Abstract 22: Increased Cerebral Perfusion Pressure Delays the Microvascular Shunting and Tissue Hypoxia in the Rat Brain at High ICP in a Time Dependent Manner
Background: We reported earlier that high intracranial pressure (ICP) in rats is associated with tissue hypoxia and brain edema due to a transition from capillary (CAP) to thoroughfare channel (TFC) non-nutritive shunt flow. Recently we showed that increasing cerebral perfusion pressure (CPP) shifts the transition threshold to a higher ICP. Here we studied the time dependence of the transition to TFC shunt flow at high ICP to determine how long the increased CPP could delay the transition from CAP to TFC shunting
Methods: ICP was increased and maintained at 20, 40 or 60 mmHg for three hours by raising an artificial cerebrospinal fluid reservoir connected to a catheter in the cisterna magna while MAP was elevated by i.v. dopamine infusion to keep CPP at 60 or 80 mmHg. Using in vivo 2-photon laser scanning microscopy through a cranial window over the rat parietal cortex, we measured microvascular red blood cells flow velocity (by fluorescein dye) and tissue oxygenation (NADH fluorescence). CAP flow = microvessel flow velocities < 1.0 and TFC shunt flow = microvessel flow velocities >1.0 mm/sec. Doppler flow, rectal and cranial temperatures, ICP, arterial blood pressure and arterial blood gases were monitored.
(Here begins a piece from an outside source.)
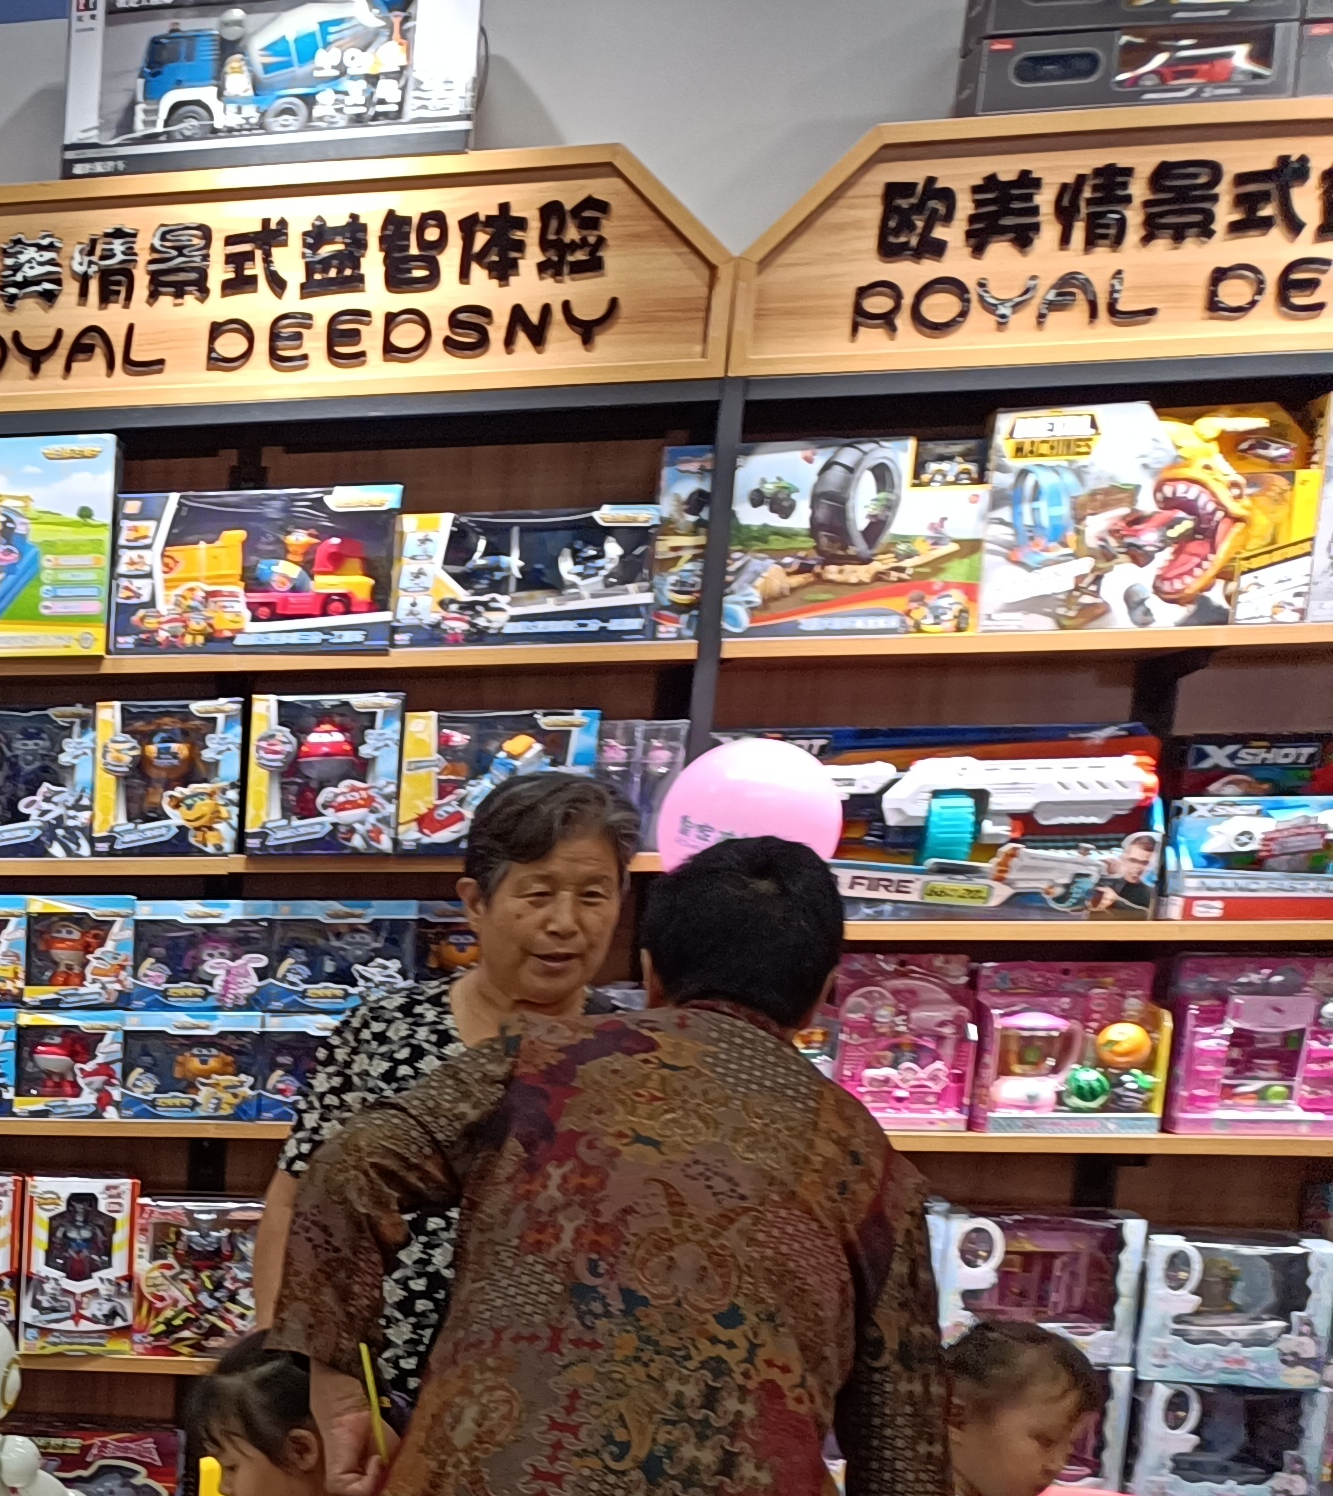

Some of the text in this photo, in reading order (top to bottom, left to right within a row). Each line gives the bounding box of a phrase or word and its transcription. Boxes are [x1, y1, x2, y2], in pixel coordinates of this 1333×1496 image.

[876, 153, 1333, 263] 欧美情景式
[205, 296, 620, 373] DEEDSNY
[850, 268, 1158, 343] ROYAL
[848, 875, 914, 895] FIRE
Results: Maintenance of CPP at 60 mmHg even at a moderate ICP of 20 mmHg did not prevent a gradual increase in microvascular shunting and tissue hypoxia over 3 hours. However, a CPP of 80 mmHg prevented the transition from CAP to TFC shunting at an ICP of 20 mmHg (Fig. 1, p<0.05). At ICP of 40 and 60 mmHg and CPP of 60 and 80 mmHg there was a gradual decrease in the CAP/TFC ratio (increased microvascular TFC shunting) and rise in NADH with time. However at a CPP of 80 mmHg, the gradual increase occurred at later time points and was less detrimental than at CPP of 60 mmHg (Fig. 1, p<0.05).
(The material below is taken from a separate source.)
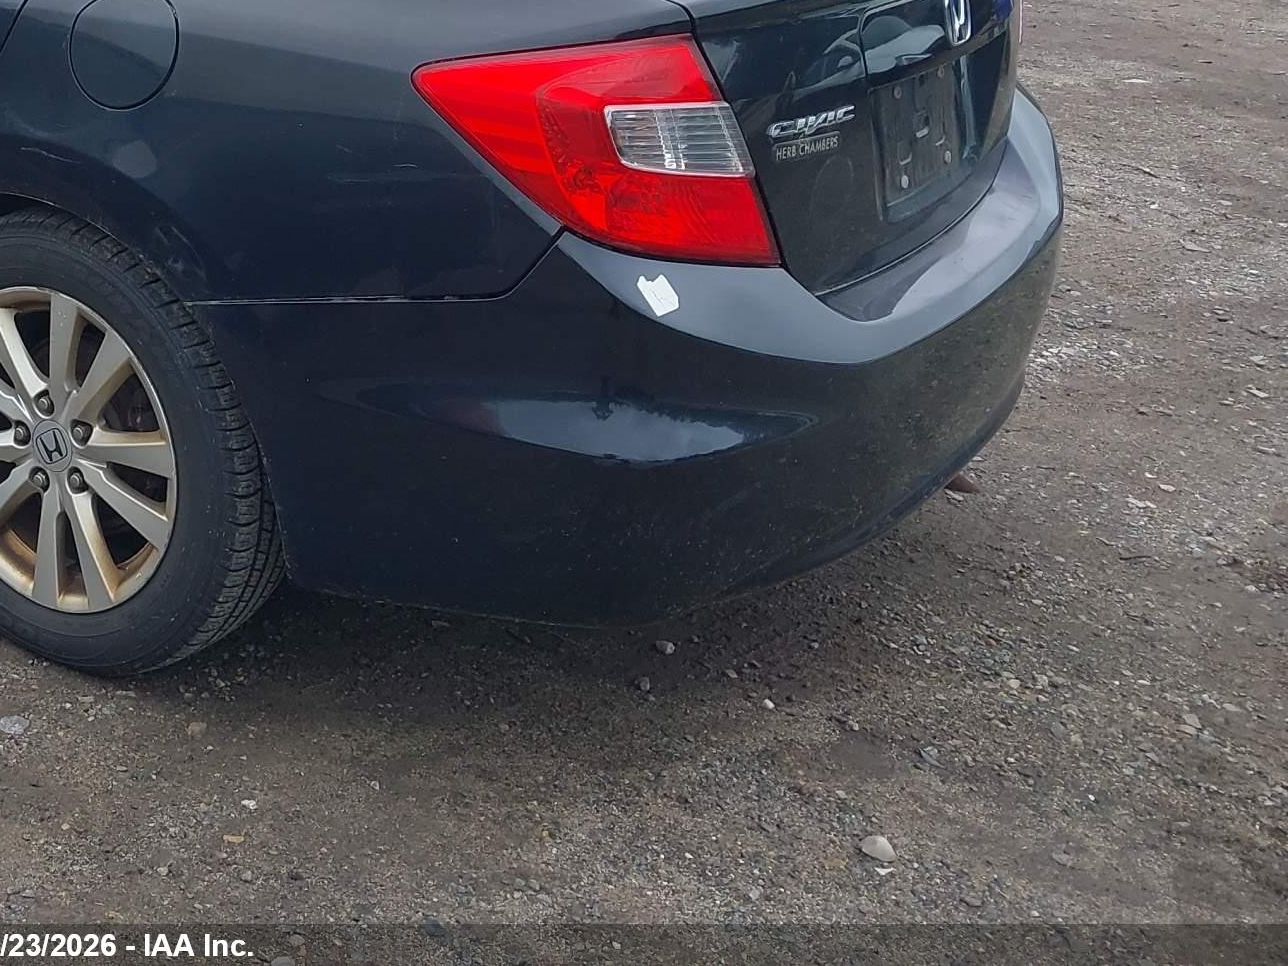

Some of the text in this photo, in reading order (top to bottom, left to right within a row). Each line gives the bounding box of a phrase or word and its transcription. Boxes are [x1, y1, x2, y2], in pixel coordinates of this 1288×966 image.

[768, 105, 855, 138] CIVIC
[776, 136, 839, 161] HERB CHAMBERS
Conclusions: Increasing CPP with raised ICP could prevent the transition from CAP to TFC shunt flow and tissue hypoxia for a duration that depends upon the level of CPP. Thus, the transition to shunt flow at a given raised ICP and sustained CPP is time dependent. Our data suggest that increasing CPP above the clinical guideline of 50 to 60 mmHg may be beneficial at high ICP.
- © 2012 by American Heart Association, Inc.